When materials such as fascia lata or disc annulus particles are
used the particles preferably range in size from 1 mm to 5 mm. When
materials such as demineralized bone matrix are used the particles
preferably range in size from 0.5 mm to 3 mm. When small plugs of
material are used the plugs preferably range in size from 0.5 mm to
5 mm. In some embodiments larger sized pieces, such as pieces up to
20 mm in size, may be used.
[0017] The materials may be processed or fabricated using more than
one type of tissue. For example, mixtures of fascia lata and
demineralized bone matrix may be preferred in appropriate cases, as
may mixtures of DBM and annulus fibrosis material.
[0018] Cross-linking agents may be added to the formulation to
promote cross-linking of the collagen material. For example,
glutaraldehyde or other protein cross-linking agents may be
included in the formulation. The cross-linking agents may promote
covalent or non-covalent crosslinks between collagen molecules.
Similarly, agents to inhibit protein denaturization may also be
included. Crosslinking agents that would be appropriate for use in
the claimed invention are known to persons skilled in the art, and
may be selected without undue experimentation.
[0019] When the material is to be used as a slurry or gel,
additives to promote slurry or gel formation may also be included.
These additives may promote protein folding, water binding,
protein-protein interactions, and water immobilization.
[0020] In addition, a radiocontrast media, such as barium sulfate,
or a radiocontrast dye, such as HYPAQUE.RTM., may be included to
aid the surgeon in tracking the movement and/or location of the
injected material. Radiocontrast materials appropriate for use in
discography are known to persons skilled in the art, and may be
selected for use in the present invention without undue
experimentation.
[0021] Finally, other additives to provide benefits to the injected
collagen-based material may also be included. Such additives
include anesthetics, to reduce pain caused by the procedure, and
antibiotics, to minimize the potential for bacterial infection.
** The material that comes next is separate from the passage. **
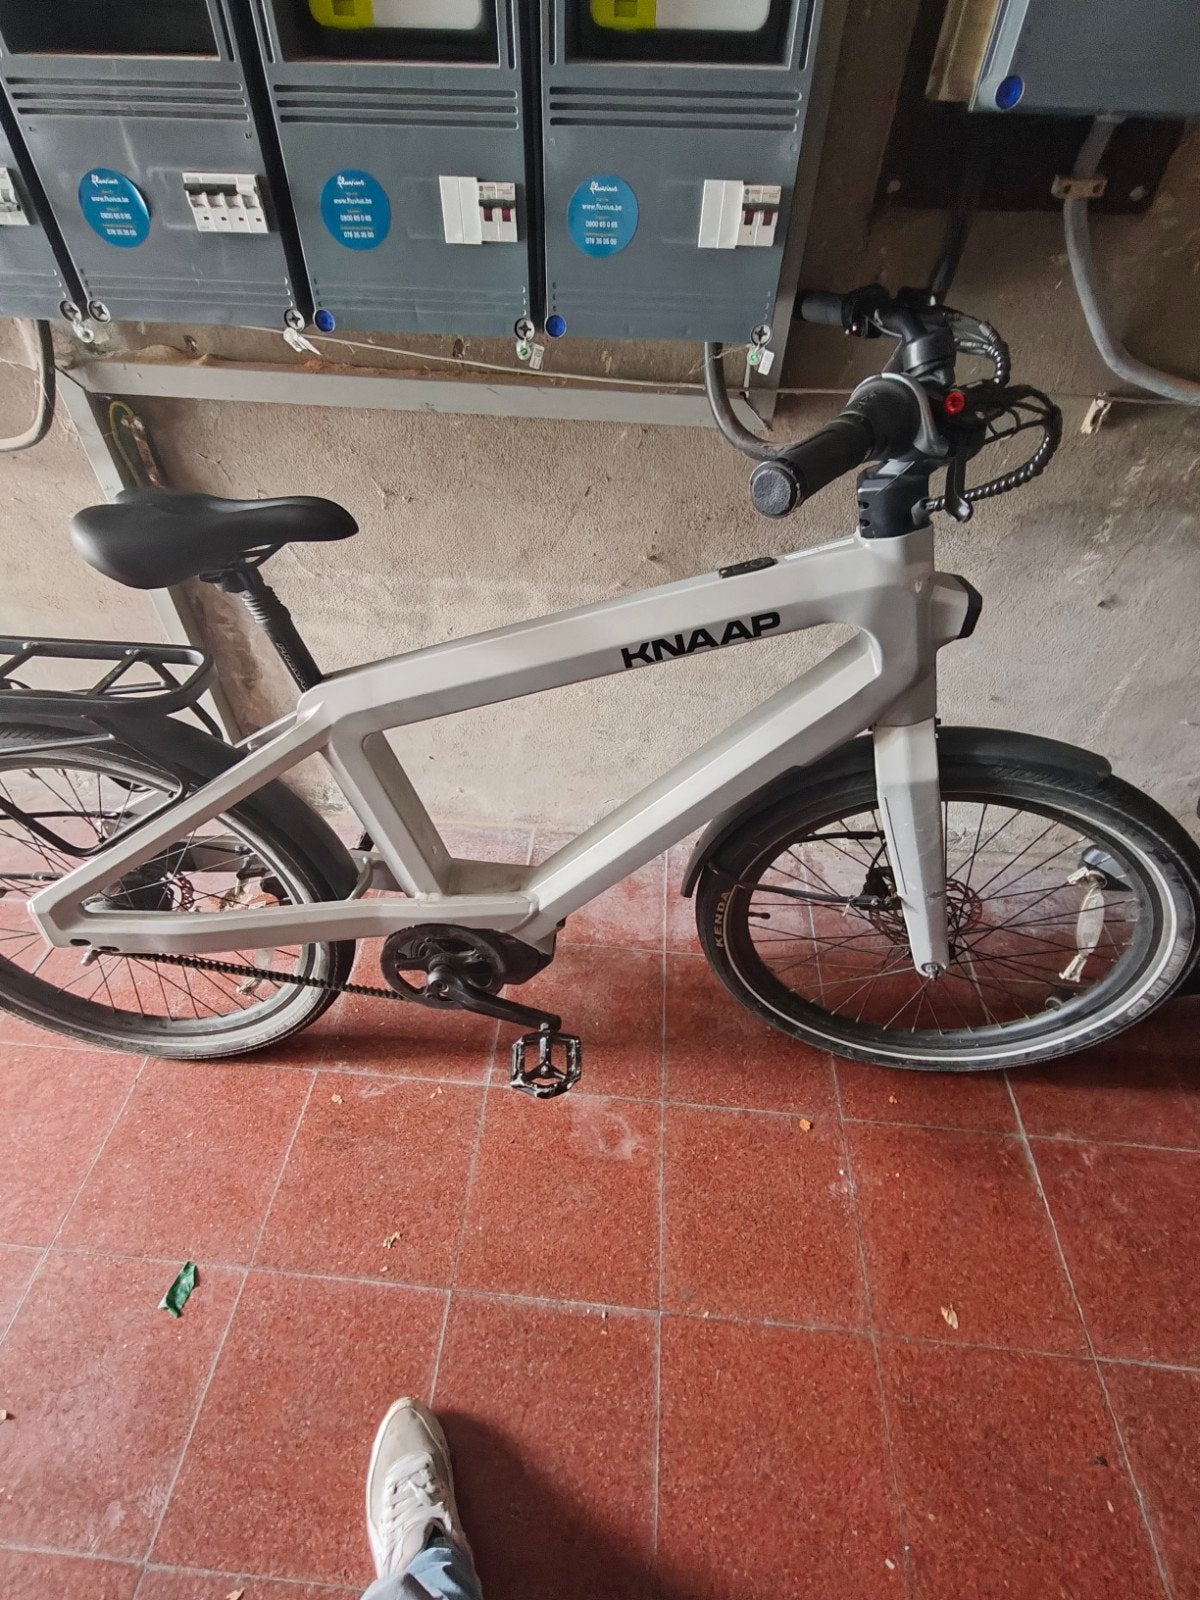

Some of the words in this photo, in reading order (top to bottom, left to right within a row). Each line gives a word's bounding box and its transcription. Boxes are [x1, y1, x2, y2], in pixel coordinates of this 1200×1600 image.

[590, 180, 618, 194] fluvius
[620, 611, 781, 669] KNAAP
[713, 892, 731, 948] KENDA
[0022] Proteoglycans may also be included to attract and/or bind
water to keep the nucleus hydrated. Similarly, growth factors
and/or other cells (e.g., intervertebral disc cells, stem cells,
etc.) to promote healing, repair, regeneration and/or restoration
of the disc, and/or to facilitate proper disc function, may also be
included. Additives appropriate for use in the claimed invention
are known to persons skilled in the art, and may be selected
without undue experimentation.
[0023] In some embodiments the collagen material is dehydrated
before injection into the disc space, where it is rehydrated by
absorbing fluid from the disc space. In other embodiments the
collagen material is provided as a gel, slurry, or other hydrated
formulation before implantation.
[0024] The collagen-based material is "surgically added" to the
disc space. That is, the material is added by the intervention of
medical personnel, as distinguished from being "added" by the
body's natural growth or regeneration processes. The surgical
procedure preferably includes injection through a hypodermic
needle, although other surgical methods of introducing the
collagen-based material into the disc may be used. For example, the
material may be introduced into a disc by extrusion through a
dilated annular opening, infusion through a catheter, insertion
through an opening created by trauma or surgical incision, or by
other means of invasive or minimally invasive deposition of the
materials into the disc space.
[0025] Referring now to the drawings, FIGS. 1A-1D show one method
of injecting a collagen-based material into a disc. In FIG. 1A,
dehydrated particulate fascia lata or annulus fibrosis material 11
is provided in a syringe 12 (in a sterile package). The material is
rehydrated and/or dispersed in a suspension medium as shown in FIG.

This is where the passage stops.